**Directions**
Every line in the listing should be set down again verbatim.

**Records for processing**

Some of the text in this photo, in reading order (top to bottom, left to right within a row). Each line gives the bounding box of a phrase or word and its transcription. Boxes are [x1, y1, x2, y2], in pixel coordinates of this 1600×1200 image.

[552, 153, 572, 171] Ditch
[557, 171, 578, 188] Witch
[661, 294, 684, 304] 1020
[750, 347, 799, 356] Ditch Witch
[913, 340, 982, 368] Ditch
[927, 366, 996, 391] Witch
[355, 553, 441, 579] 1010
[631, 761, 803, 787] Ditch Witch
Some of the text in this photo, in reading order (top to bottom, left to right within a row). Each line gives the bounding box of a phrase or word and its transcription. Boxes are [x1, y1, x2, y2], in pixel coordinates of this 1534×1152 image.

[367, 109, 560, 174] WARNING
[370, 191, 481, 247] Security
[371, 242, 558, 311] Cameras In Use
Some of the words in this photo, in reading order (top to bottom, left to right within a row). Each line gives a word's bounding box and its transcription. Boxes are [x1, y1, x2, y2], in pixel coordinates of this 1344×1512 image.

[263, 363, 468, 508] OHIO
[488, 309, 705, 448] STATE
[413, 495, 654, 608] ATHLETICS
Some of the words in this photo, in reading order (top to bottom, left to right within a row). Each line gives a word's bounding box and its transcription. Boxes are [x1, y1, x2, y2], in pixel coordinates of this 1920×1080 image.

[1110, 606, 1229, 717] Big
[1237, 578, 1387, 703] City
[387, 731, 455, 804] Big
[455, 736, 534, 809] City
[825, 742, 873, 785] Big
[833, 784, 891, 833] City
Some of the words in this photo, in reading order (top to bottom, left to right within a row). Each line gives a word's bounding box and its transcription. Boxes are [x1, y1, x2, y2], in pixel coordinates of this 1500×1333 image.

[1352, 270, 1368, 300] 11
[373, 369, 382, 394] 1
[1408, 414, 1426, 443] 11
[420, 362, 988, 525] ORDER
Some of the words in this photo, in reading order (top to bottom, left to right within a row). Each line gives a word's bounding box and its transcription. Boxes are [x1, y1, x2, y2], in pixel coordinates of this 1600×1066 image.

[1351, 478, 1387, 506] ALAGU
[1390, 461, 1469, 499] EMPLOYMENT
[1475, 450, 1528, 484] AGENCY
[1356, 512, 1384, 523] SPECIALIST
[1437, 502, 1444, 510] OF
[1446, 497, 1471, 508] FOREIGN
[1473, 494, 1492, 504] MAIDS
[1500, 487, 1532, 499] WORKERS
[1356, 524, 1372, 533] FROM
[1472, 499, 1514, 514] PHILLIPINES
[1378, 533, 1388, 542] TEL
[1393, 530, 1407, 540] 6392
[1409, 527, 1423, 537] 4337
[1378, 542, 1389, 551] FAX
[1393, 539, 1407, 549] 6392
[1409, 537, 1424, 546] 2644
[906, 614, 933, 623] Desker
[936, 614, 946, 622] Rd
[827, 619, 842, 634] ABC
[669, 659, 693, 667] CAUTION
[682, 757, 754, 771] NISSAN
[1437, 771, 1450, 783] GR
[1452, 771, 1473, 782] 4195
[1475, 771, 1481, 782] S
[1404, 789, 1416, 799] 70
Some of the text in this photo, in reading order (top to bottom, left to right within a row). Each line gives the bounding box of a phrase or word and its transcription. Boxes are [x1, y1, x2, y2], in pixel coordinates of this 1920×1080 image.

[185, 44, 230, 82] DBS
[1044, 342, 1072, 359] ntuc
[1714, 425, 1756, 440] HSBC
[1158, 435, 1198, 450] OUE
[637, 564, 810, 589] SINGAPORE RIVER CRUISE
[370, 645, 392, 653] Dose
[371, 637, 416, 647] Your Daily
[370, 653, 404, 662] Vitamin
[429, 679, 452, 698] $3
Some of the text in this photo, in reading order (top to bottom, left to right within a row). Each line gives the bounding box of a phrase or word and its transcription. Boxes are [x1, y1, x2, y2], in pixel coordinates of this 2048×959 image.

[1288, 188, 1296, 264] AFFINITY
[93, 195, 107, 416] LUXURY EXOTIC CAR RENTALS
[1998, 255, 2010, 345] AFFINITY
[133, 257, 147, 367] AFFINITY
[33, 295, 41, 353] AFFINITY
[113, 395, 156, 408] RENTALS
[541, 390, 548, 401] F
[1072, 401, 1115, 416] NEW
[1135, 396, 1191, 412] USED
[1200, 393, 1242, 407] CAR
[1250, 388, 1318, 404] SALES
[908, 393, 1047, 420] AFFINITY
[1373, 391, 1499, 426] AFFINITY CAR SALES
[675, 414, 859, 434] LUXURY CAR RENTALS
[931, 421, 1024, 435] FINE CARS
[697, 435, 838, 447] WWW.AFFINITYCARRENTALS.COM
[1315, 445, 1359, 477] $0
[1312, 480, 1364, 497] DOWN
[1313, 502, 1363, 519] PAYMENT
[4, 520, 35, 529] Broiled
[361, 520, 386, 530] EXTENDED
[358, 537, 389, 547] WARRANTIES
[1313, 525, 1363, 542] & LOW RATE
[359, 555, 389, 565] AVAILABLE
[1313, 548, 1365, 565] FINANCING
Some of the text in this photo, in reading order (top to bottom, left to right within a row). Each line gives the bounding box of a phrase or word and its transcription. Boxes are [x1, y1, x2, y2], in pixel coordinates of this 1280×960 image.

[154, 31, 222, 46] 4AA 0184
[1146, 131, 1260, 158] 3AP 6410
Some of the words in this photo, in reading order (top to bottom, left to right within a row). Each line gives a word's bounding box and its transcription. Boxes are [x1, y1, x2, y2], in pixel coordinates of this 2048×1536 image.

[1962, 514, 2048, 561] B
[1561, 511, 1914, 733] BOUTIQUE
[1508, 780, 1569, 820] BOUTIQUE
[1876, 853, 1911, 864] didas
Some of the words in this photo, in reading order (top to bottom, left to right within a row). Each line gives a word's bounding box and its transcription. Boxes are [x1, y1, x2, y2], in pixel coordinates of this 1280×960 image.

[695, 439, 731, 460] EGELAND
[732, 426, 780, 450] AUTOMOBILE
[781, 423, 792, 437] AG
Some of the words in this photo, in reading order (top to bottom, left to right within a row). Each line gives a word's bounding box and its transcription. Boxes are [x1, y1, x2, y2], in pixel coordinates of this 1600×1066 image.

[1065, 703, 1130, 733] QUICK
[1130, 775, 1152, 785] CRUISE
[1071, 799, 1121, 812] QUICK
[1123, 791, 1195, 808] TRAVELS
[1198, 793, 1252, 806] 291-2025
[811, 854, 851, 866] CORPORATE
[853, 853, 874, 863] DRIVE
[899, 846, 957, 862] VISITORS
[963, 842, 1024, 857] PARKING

**Finished exercise**
Some of the text in this photo, in reading order (top to bottom, left to right within a row). Each line gives the bounding box of a phrase or word and its transcription. Boxes are [x1, y1, x2, y2], in pixel coordinates of this 1600×1200 image.

[552, 153, 572, 171] Ditch
[557, 171, 578, 188] Witch
[661, 294, 684, 304] 1020
[750, 347, 799, 356] Ditch Witch
[913, 340, 982, 368] Ditch
[927, 366, 996, 391] Witch
[355, 553, 441, 579] 1010
[631, 761, 803, 787] Ditch Witch
Some of the text in this photo, in reading order (top to bottom, left to right within a row). Each line gives the bounding box of a phrase or word and its transcription. Boxes are [x1, y1, x2, y2], in pixel coordinates of this 1534×1152 image.

[367, 109, 560, 174] WARNING
[370, 191, 481, 247] Security
[371, 242, 558, 311] Cameras In Use
Some of the words in this photo, in reading order (top to bottom, left to right within a row). Each line gives a word's bounding box and its transcription. Boxes are [x1, y1, x2, y2], in pixel coordinates of this 1344×1512 image.

[263, 363, 468, 508] OHIO
[488, 309, 705, 448] STATE
[413, 495, 654, 608] ATHLETICS
Some of the words in this photo, in reading order (top to bottom, left to right within a row). Each line gives a word's bounding box and its transcription. Boxes are [x1, y1, x2, y2], in pixel coordinates of this 1920×1080 image.

[1110, 606, 1229, 717] Big
[1237, 578, 1387, 703] City
[387, 731, 455, 804] Big
[455, 736, 534, 809] City
[825, 742, 873, 785] Big
[833, 784, 891, 833] City
Some of the words in this photo, in reading order (top to bottom, left to right within a row). Each line gives a word's bounding box and its transcription. Boxes are [x1, y1, x2, y2], in pixel coordinates of this 1500×1333 image.

[1352, 270, 1368, 300] 11
[373, 369, 382, 394] 1
[1408, 414, 1426, 443] 11
[420, 362, 988, 525] ORDER
Some of the words in this photo, in reading order (top to bottom, left to right within a row). Each line gives a word's bounding box and its transcription. Boxes are [x1, y1, x2, y2], in pixel coordinates of this 1600×1066 image.

[1351, 478, 1387, 506] ALAGU
[1390, 461, 1469, 499] EMPLOYMENT
[1475, 450, 1528, 484] AGENCY
[1356, 512, 1384, 523] SPECIALIST
[1437, 502, 1444, 510] OF
[1446, 497, 1471, 508] FOREIGN
[1473, 494, 1492, 504] MAIDS
[1500, 487, 1532, 499] WORKERS
[1356, 524, 1372, 533] FROM
[1472, 499, 1514, 514] PHILLIPINES
[1378, 533, 1388, 542] TEL
[1393, 530, 1407, 540] 6392
[1409, 527, 1423, 537] 4337
[1378, 542, 1389, 551] FAX
[1393, 539, 1407, 549] 6392
[1409, 537, 1424, 546] 2644
[906, 614, 933, 623] Desker
[936, 614, 946, 622] Rd
[827, 619, 842, 634] ABC
[669, 659, 693, 667] CAUTION
[682, 757, 754, 771] NISSAN
[1437, 771, 1450, 783] GR
[1452, 771, 1473, 782] 4195
[1475, 771, 1481, 782] S
[1404, 789, 1416, 799] 70
Some of the text in this photo, in reading order (top to bottom, left to right within a row). Each line gives the bounding box of a phrase or word and its transcription. Boxes are [x1, y1, x2, y2], in pixel coordinates of this 1920×1080 image.

[185, 44, 230, 82] DBS
[1044, 342, 1072, 359] ntuc
[1714, 425, 1756, 440] HSBC
[1158, 435, 1198, 450] OUE
[637, 564, 810, 589] SINGAPORE RIVER CRUISE
[370, 645, 392, 653] Dose
[371, 637, 416, 647] Your Daily
[370, 653, 404, 662] Vitamin
[429, 679, 452, 698] $3
Some of the text in this photo, in reading order (top to bottom, left to right within a row). Each line gives the bounding box of a phrase or word and its transcription. Boxes are [x1, y1, x2, y2], in pixel coordinates of this 2048×959 image.

[1288, 188, 1296, 264] AFFINITY
[93, 195, 107, 416] LUXURY EXOTIC CAR RENTALS
[1998, 255, 2010, 345] AFFINITY
[133, 257, 147, 367] AFFINITY
[33, 295, 41, 353] AFFINITY
[113, 395, 156, 408] RENTALS
[541, 390, 548, 401] F
[1072, 401, 1115, 416] NEW
[1135, 396, 1191, 412] USED
[1200, 393, 1242, 407] CAR
[1250, 388, 1318, 404] SALES
[908, 393, 1047, 420] AFFINITY
[1373, 391, 1499, 426] AFFINITY CAR SALES
[675, 414, 859, 434] LUXURY CAR RENTALS
[931, 421, 1024, 435] FINE CARS
[697, 435, 838, 447] WWW.AFFINITYCARRENTALS.COM
[1315, 445, 1359, 477] $0
[1312, 480, 1364, 497] DOWN
[1313, 502, 1363, 519] PAYMENT
[4, 520, 35, 529] Broiled
[361, 520, 386, 530] EXTENDED
[358, 537, 389, 547] WARRANTIES
[1313, 525, 1363, 542] & LOW RATE
[359, 555, 389, 565] AVAILABLE
[1313, 548, 1365, 565] FINANCING
Some of the text in this photo, in reading order (top to bottom, left to right within a row). Each line gives the bounding box of a phrase or word and its transcription. Boxes are [x1, y1, x2, y2], in pixel coordinates of this 1280×960 image.

[154, 31, 222, 46] 4AA 0184
[1146, 131, 1260, 158] 3AP 6410
Some of the words in this photo, in reading order (top to bottom, left to right within a row). Each line gives a word's bounding box and its transcription. Boxes are [x1, y1, x2, y2], in pixel coordinates of this 2048×1536 image.

[1962, 514, 2048, 561] B
[1561, 511, 1914, 733] BOUTIQUE
[1508, 780, 1569, 820] BOUTIQUE
[1876, 853, 1911, 864] didas
Some of the words in this photo, in reading order (top to bottom, left to right within a row). Each line gives a word's bounding box and its transcription. Boxes are [x1, y1, x2, y2], in pixel coordinates of this 1280×960 image.

[695, 439, 731, 460] EGELAND
[732, 426, 780, 450] AUTOMOBILE
[781, 423, 792, 437] AG
Some of the words in this photo, in reading order (top to bottom, left to right within a row). Each line gives a word's bounding box and its transcription. Boxes are [x1, y1, x2, y2], in pixel coordinates of this 1600×1066 image.

[1065, 703, 1130, 733] QUICK
[1130, 775, 1152, 785] CRUISE
[1071, 799, 1121, 812] QUICK
[1123, 791, 1195, 808] TRAVELS
[1198, 793, 1252, 806] 291-2025
[811, 854, 851, 866] CORPORATE
[853, 853, 874, 863] DRIVE
[899, 846, 957, 862] VISITORS
[963, 842, 1024, 857] PARKING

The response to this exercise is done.